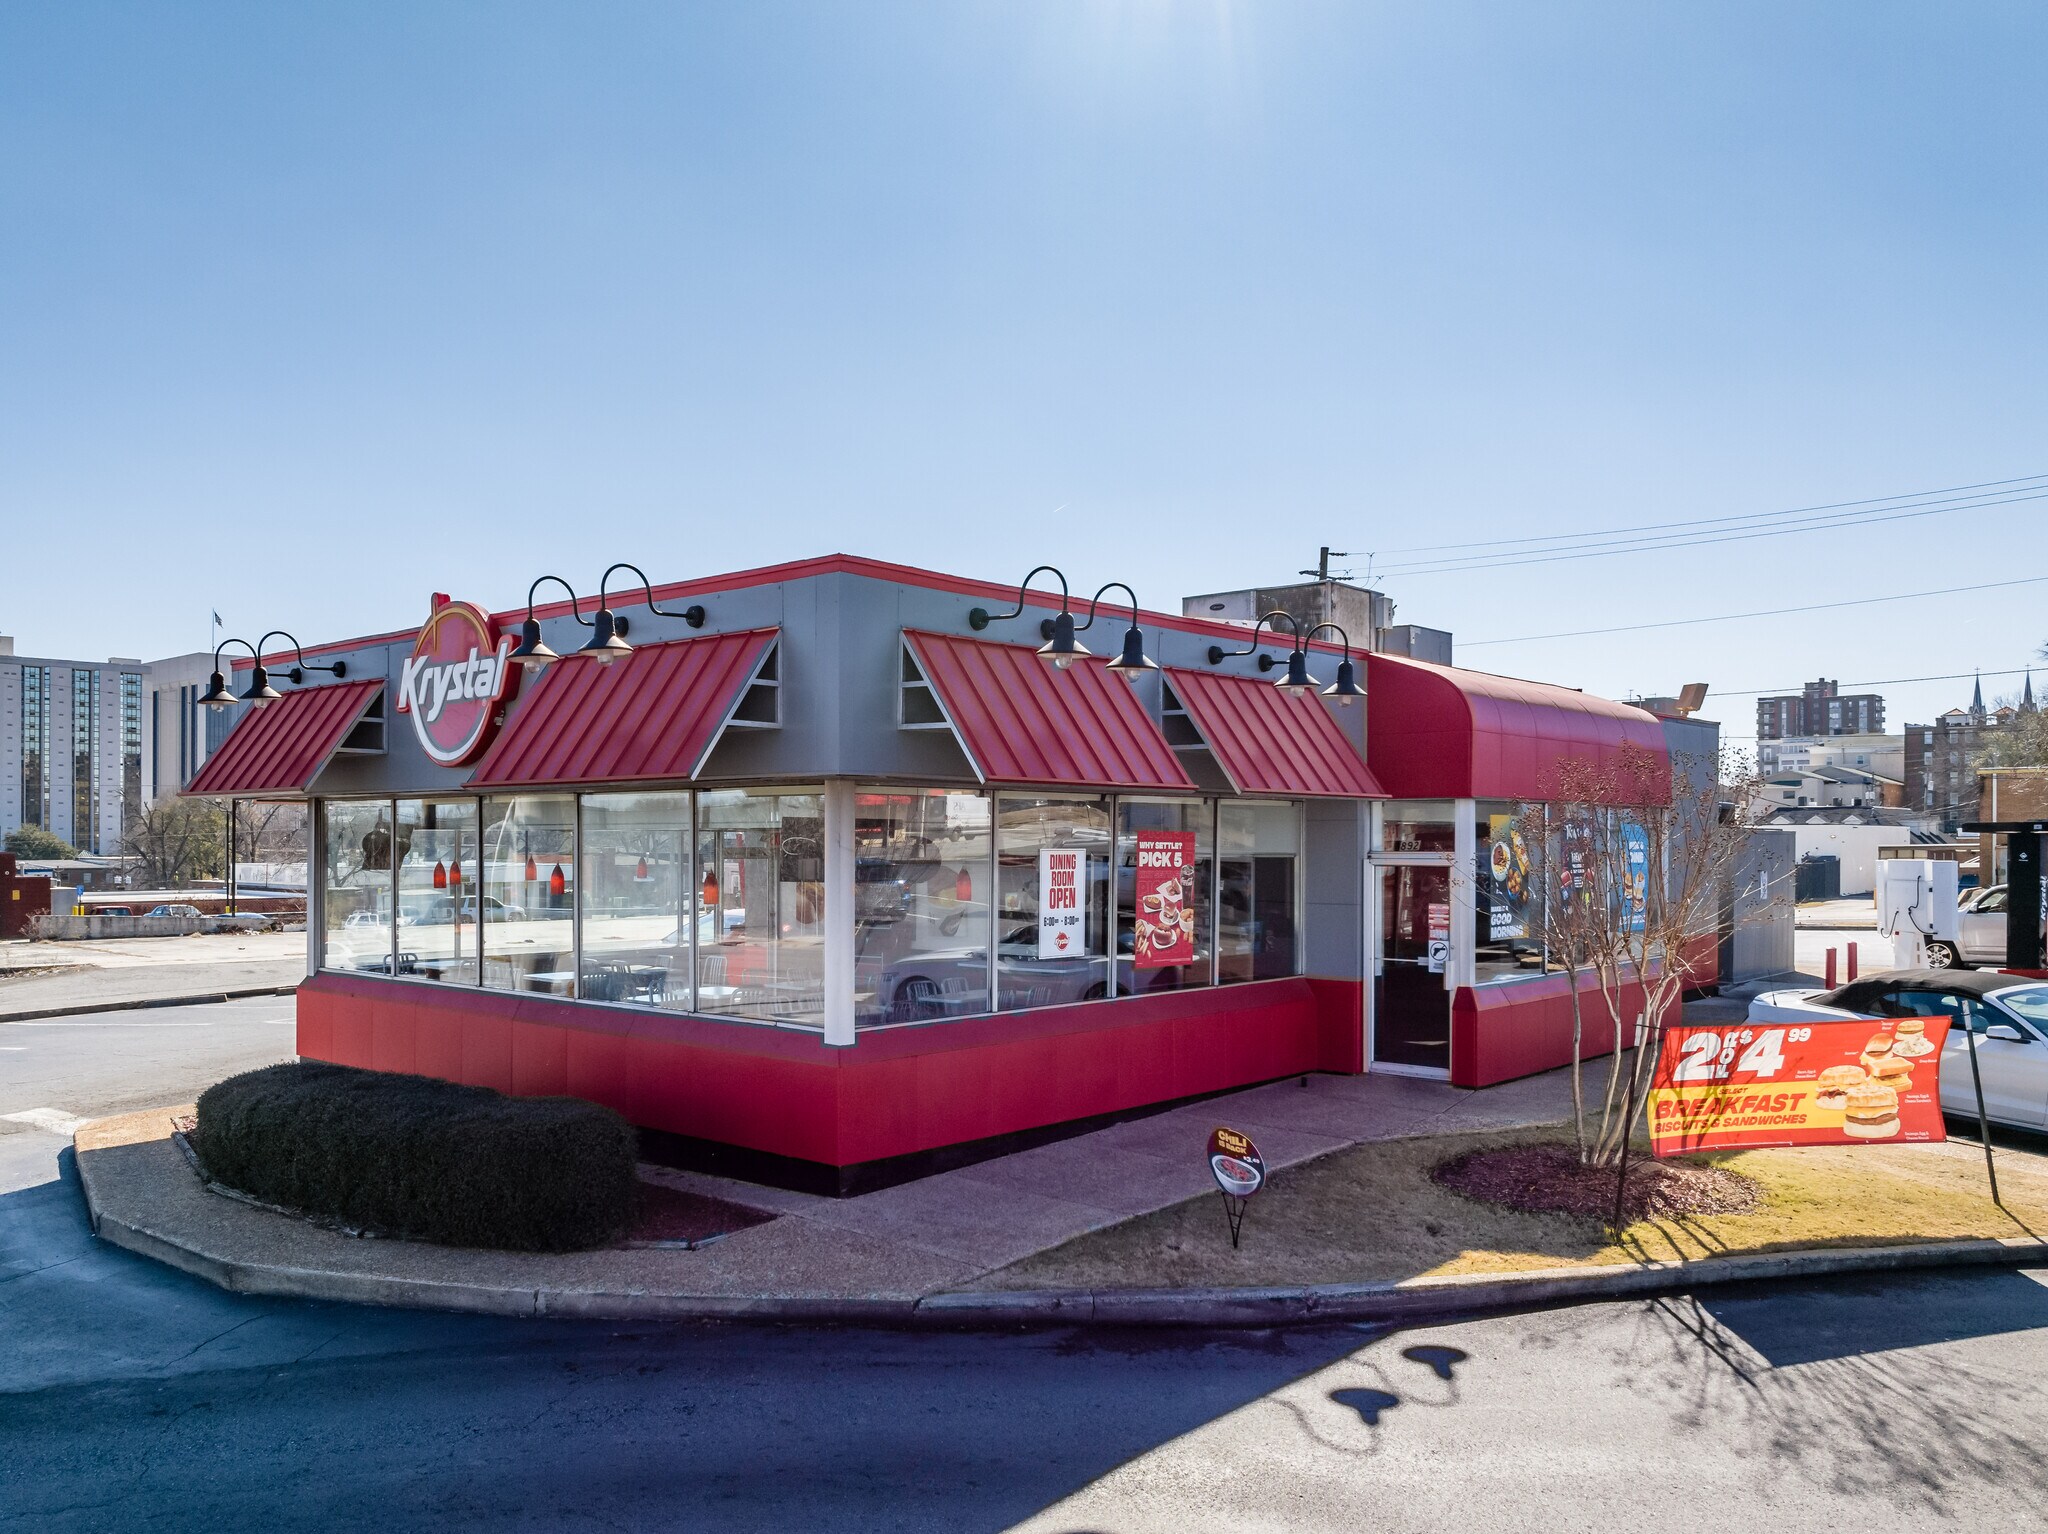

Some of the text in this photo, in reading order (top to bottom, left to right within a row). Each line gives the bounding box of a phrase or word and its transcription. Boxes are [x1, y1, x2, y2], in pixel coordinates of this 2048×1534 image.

[398, 643, 508, 722] Krystal
[1401, 841, 1420, 850] 892
[1049, 854, 1077, 870] DINING
[1139, 851, 1182, 868] PICK 5
[1051, 871, 1075, 887] ROOM
[1049, 888, 1076, 909] OPEN
[1491, 913, 1512, 925] GOOD
[1490, 925, 1524, 938] MORNING
[1672, 1032, 1722, 1081] 2
[1715, 1031, 1740, 1079] FOR
[1718, 1087, 1749, 1095] SELECT
[1653, 1092, 1808, 1120] BREAKFAST
[1654, 1114, 1807, 1133] BISCUITS & SANDWICHES
[1218, 1130, 1248, 1148] CHILI
[1225, 1142, 1247, 1155] BACK

━━━━

■ **Work task**
Return the records above exactly, without the pictures.

■ **Exercise solution**
Some of the text in this photo, in reading order (top to bottom, left to right within a row). Each line gives the bounding box of a phrase or word and its transcription. Boxes are [x1, y1, x2, y2], in pixel coordinates of this 2048×1534 image.

[398, 643, 508, 722] Krystal
[1401, 841, 1420, 850] 892
[1049, 854, 1077, 870] DINING
[1139, 851, 1182, 868] PICK 5
[1051, 871, 1075, 887] ROOM
[1049, 888, 1076, 909] OPEN
[1491, 913, 1512, 925] GOOD
[1490, 925, 1524, 938] MORNING
[1672, 1032, 1722, 1081] 2
[1715, 1031, 1740, 1079] FOR
[1718, 1087, 1749, 1095] SELECT
[1653, 1092, 1808, 1120] BREAKFAST
[1654, 1114, 1807, 1133] BISCUITS & SANDWICHES
[1218, 1130, 1248, 1148] CHILI
[1225, 1142, 1247, 1155] BACK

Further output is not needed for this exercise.